Task description: Leave out the pictures, then return the records word for word.

Data:
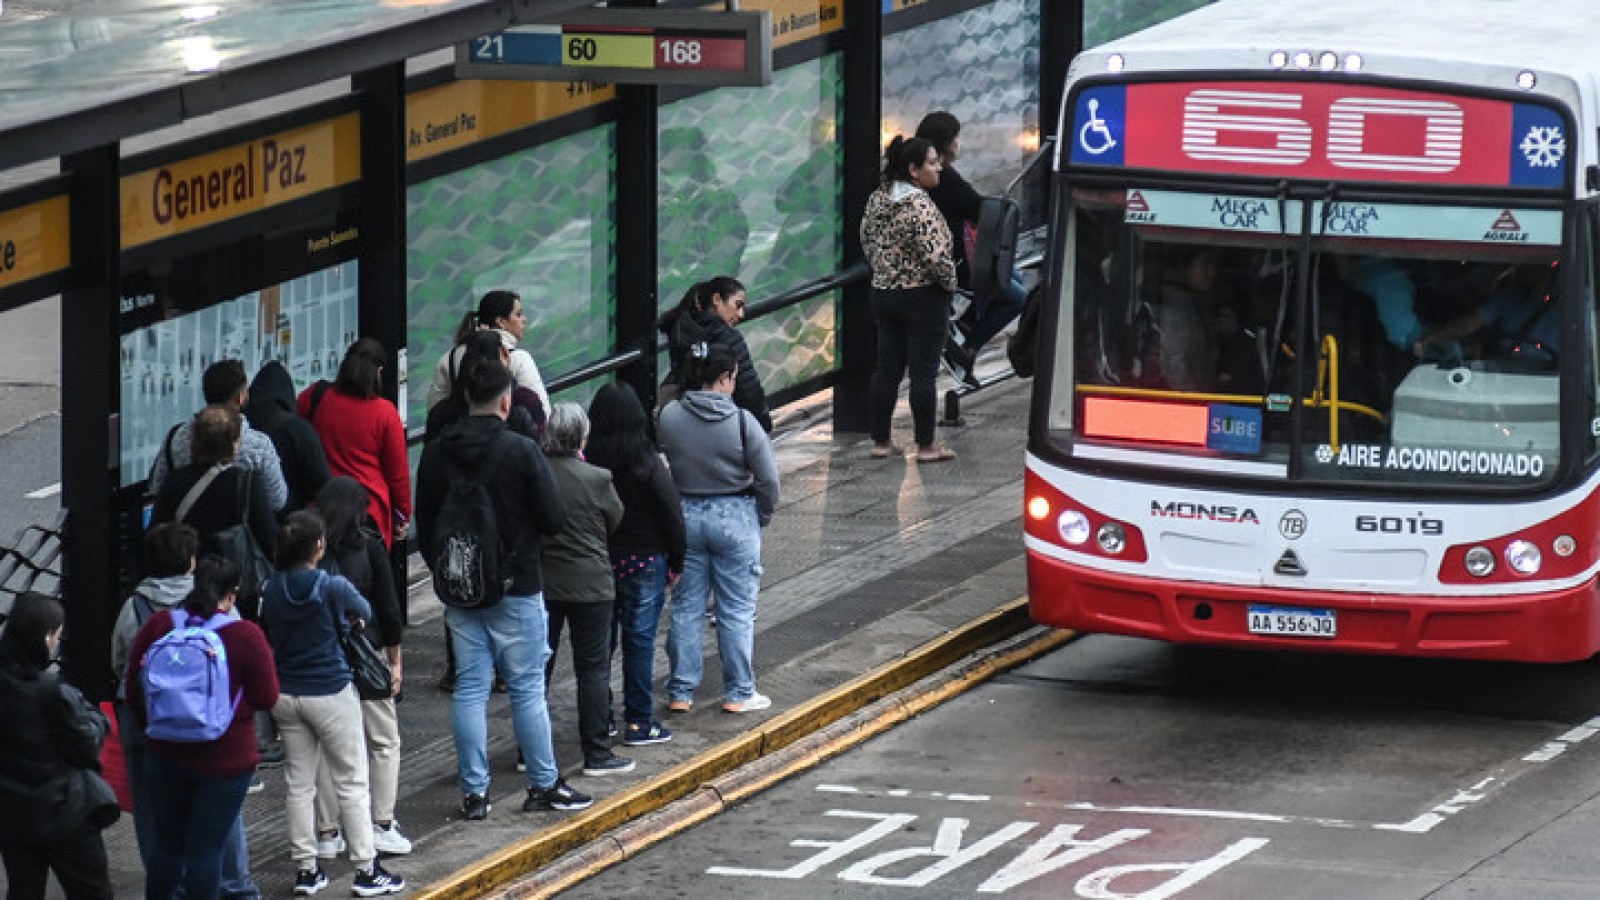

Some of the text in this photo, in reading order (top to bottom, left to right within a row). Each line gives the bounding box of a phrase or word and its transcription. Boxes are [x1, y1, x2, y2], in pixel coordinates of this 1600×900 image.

[477, 35, 503, 59] 21
[568, 38, 597, 61] 60
[660, 40, 702, 64] 168
[1182, 88, 1464, 173] 60
[152, 139, 307, 225] General Paz
[1211, 197, 1269, 215] MEGA
[1219, 211, 1258, 229] CAR
[1328, 216, 1369, 234] CAR
[1483, 230, 1530, 241] AGRALE
[1210, 415, 1257, 438] SUBE
[1337, 444, 1544, 477] AIRE ACONDICIONADO
[1150, 499, 1261, 525] MONSA
[1354, 515, 1444, 536] 6019
[1252, 614, 1272, 630] AA
[706, 809, 1271, 900] PARE
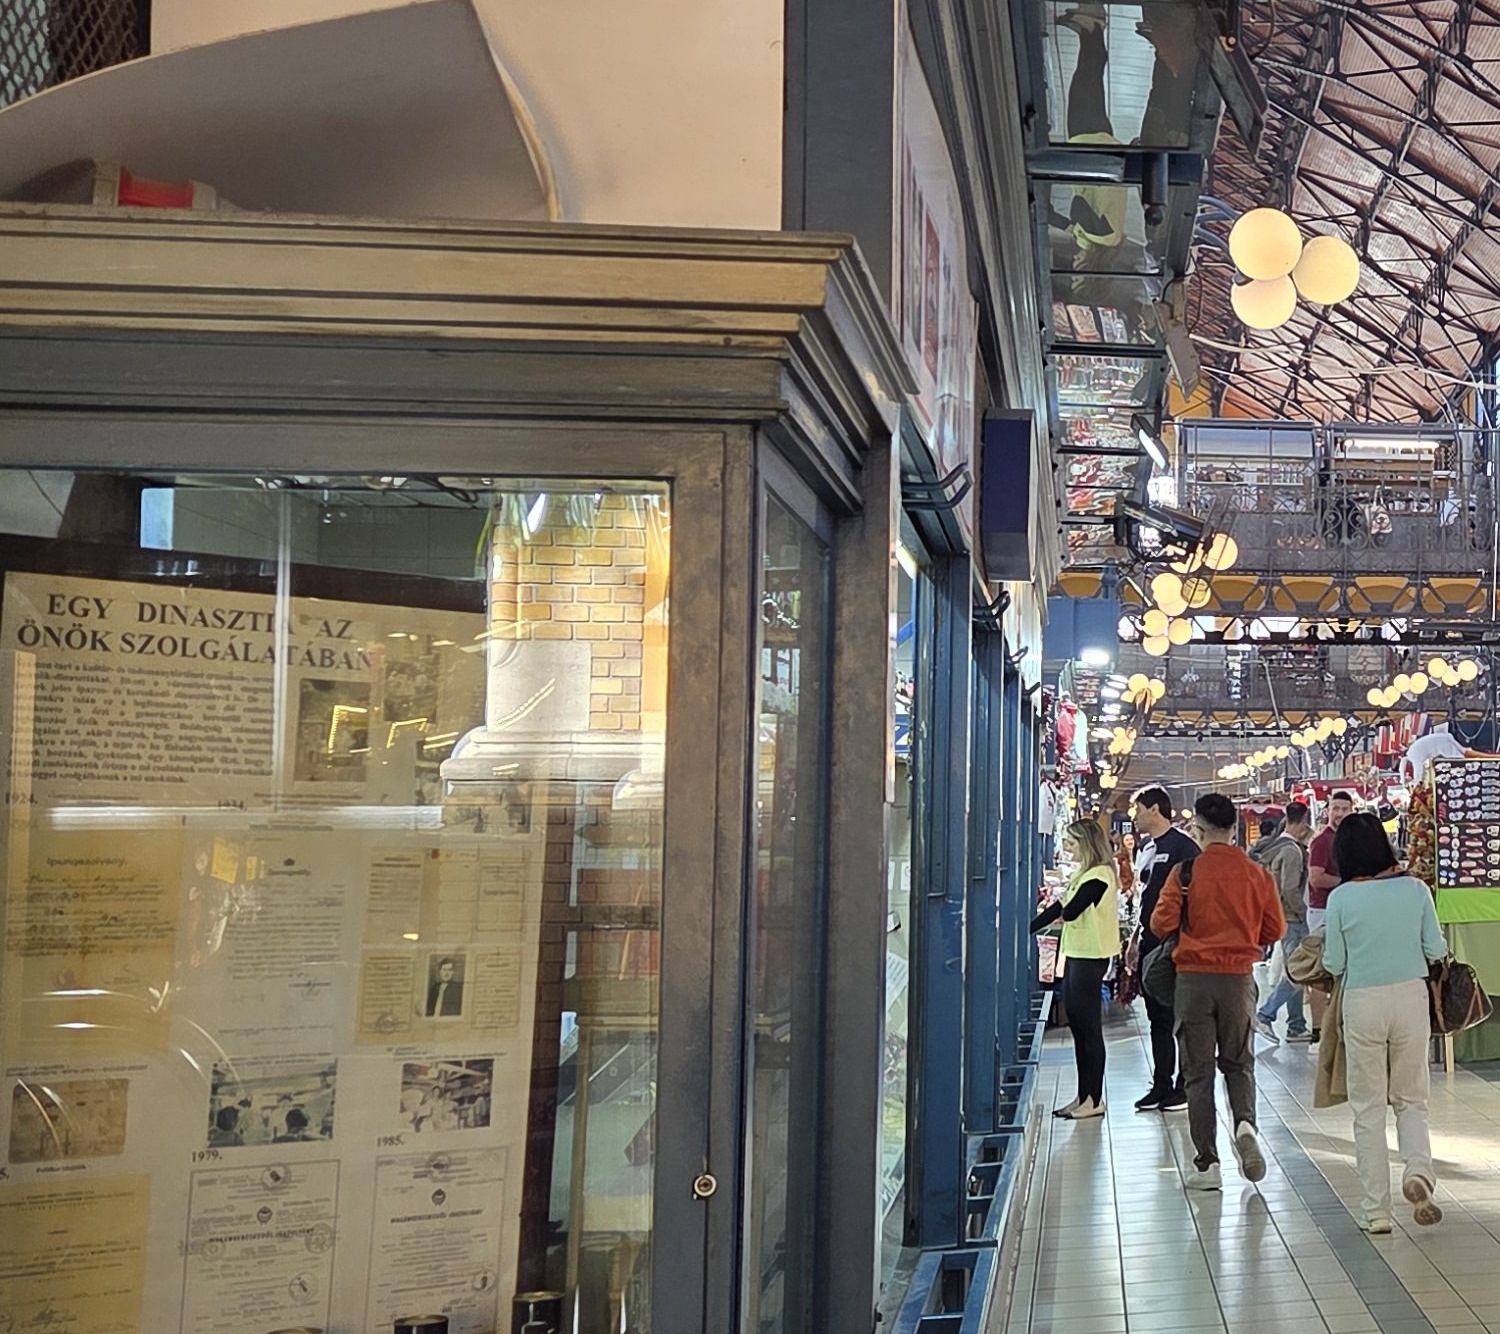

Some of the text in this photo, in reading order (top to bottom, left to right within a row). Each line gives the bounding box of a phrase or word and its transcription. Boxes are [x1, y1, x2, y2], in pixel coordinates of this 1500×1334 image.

[47, 593, 117, 619] EGY
[314, 619, 355, 639] AZ
[17, 618, 374, 671] ÖNÖK SZOLGÁLATÁBAN
[191, 1149, 223, 1163] 1979.

Response area:
Some of the text in this photo, in reading order (top to bottom, left to right within a row). Each line gives the bounding box of a phrase or word and its transcription. Boxes are [x1, y1, x2, y2], in pixel coordinates of this 1600×900 image.

[477, 35, 503, 59] 21
[568, 38, 597, 61] 60
[660, 40, 702, 64] 168
[1182, 88, 1464, 173] 60
[152, 139, 307, 225] General Paz
[1211, 197, 1269, 215] MEGA
[1219, 211, 1258, 229] CAR
[1328, 216, 1369, 234] CAR
[1483, 230, 1530, 241] AGRALE
[1210, 415, 1257, 438] SUBE
[1337, 444, 1544, 477] AIRE ACONDICIONADO
[1150, 499, 1261, 525] MONSA
[1354, 515, 1444, 536] 6019
[1252, 614, 1272, 630] AA
[706, 809, 1271, 900] PARE

Some of the text in this photo, in reading order (top to bottom, left to right within a row). Each line gives the bounding box of a phrase or word and its transcription. Boxes are [x1, y1, x2, y2], in pixel coordinates of this 1500×1334 image.

[47, 593, 117, 619] EGY
[314, 619, 355, 639] AZ
[17, 618, 374, 671] ÖNÖK SZOLGÁLATÁBAN
[191, 1149, 223, 1163] 1979.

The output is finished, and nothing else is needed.